PROMPT: Copy every entry verbatim and skip the pictures.

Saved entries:
- Opening Delimiter -
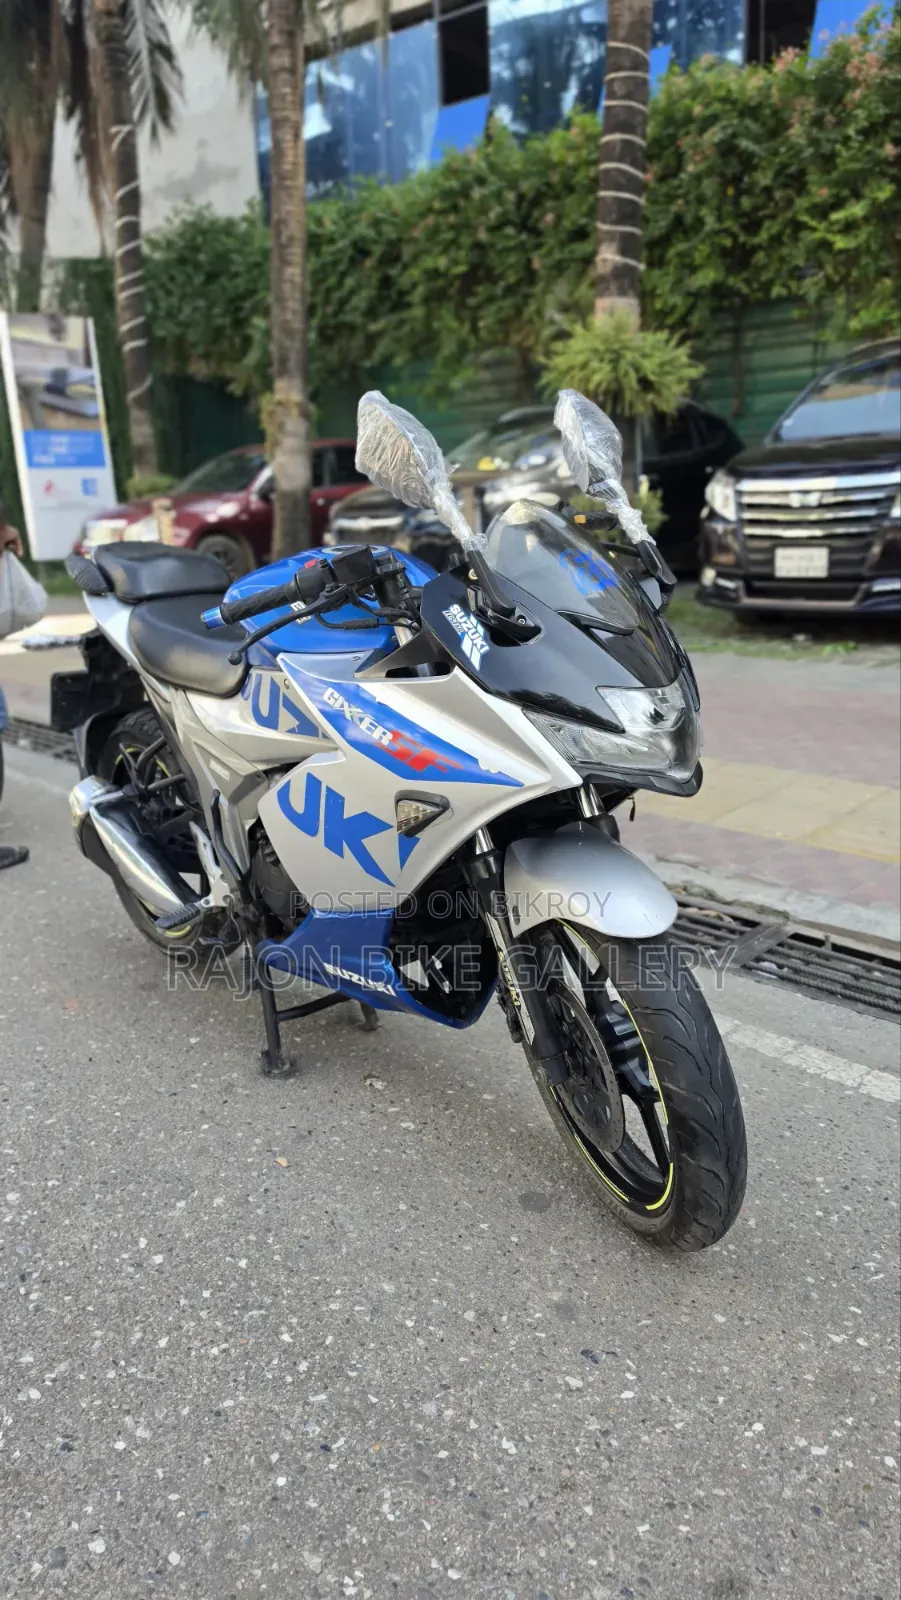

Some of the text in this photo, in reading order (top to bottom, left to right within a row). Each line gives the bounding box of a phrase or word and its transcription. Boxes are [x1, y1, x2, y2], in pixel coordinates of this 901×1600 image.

[449, 603, 491, 654] SUZUKI
[322, 686, 464, 773] GIXXER SF
[323, 962, 398, 997] SUZUKI
[497, 950, 521, 1007] SUZUKI
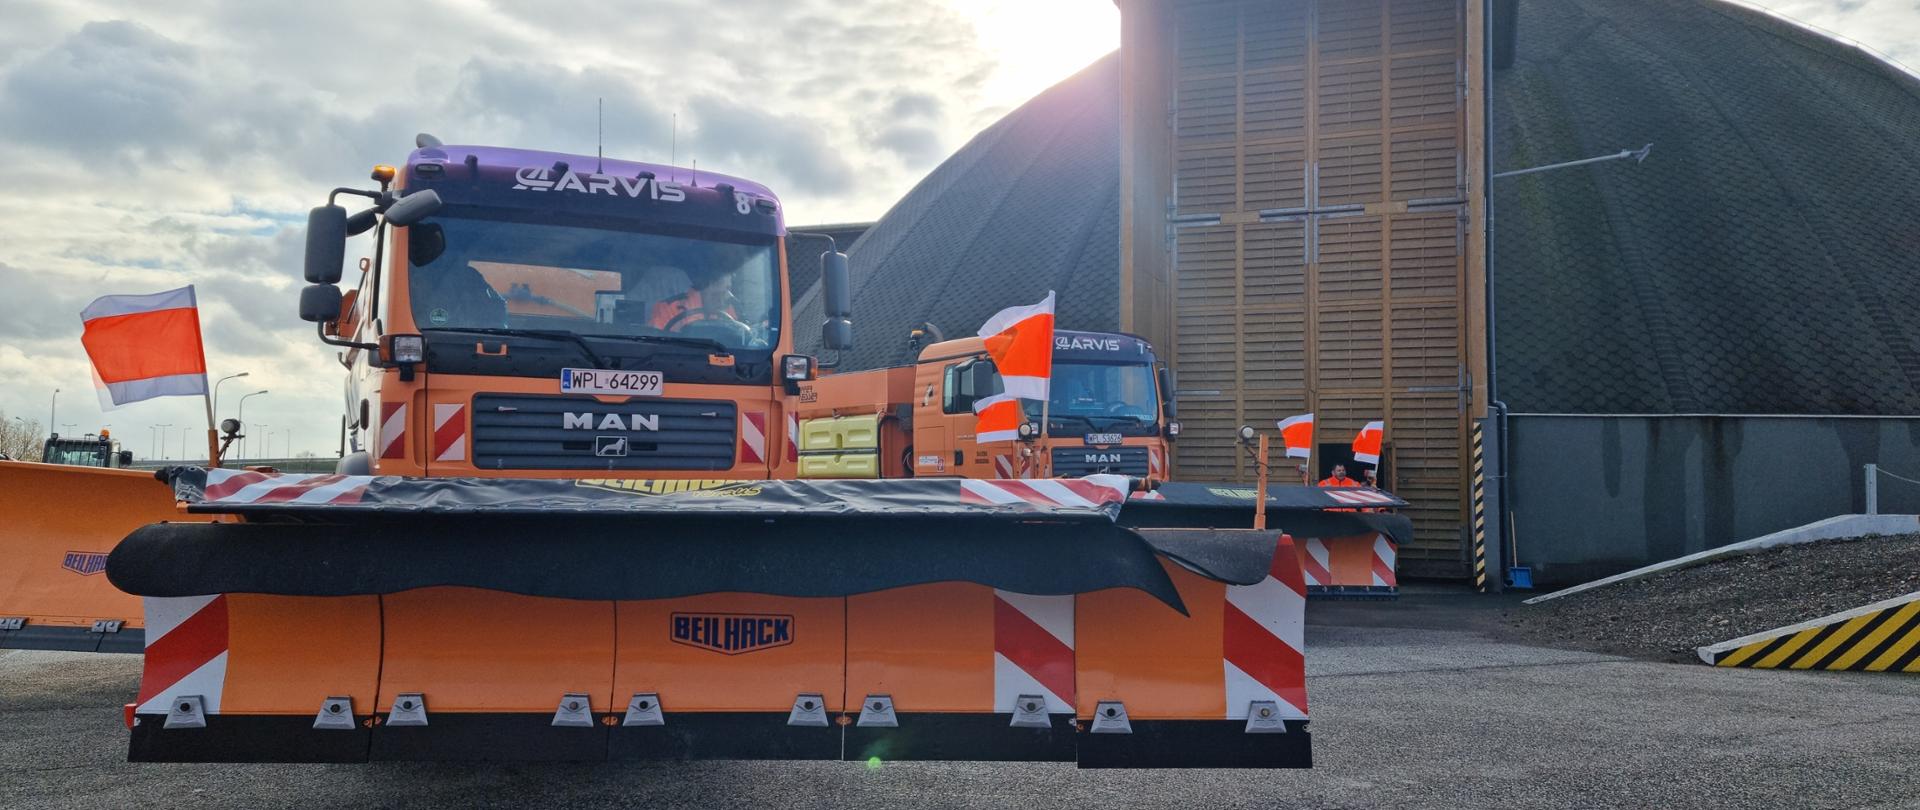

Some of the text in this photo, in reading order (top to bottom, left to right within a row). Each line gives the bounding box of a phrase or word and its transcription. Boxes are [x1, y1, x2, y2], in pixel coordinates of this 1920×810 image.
- Closing Delimiter -
EXERCISE RESULT:
Some of the text in this photo, in reading order (top to bottom, left to right within a row). Each line gives the bounding box of a phrase or word and its transcription. Boxes are [x1, y1, x2, y2], in pixel coordinates of this 901×1600 image.

[449, 603, 491, 654] SUZUKI
[322, 686, 464, 773] GIXXER SF
[323, 962, 398, 997] SUZUKI
[497, 950, 521, 1007] SUZUKI

Some of the text in this photo, in reading order (top to bottom, left to right within a row). Each line gives the bounding box of a phrase or word and its transcription. Boxes are [x1, y1, x2, y2], in pixel coordinates of this 1920×810 image.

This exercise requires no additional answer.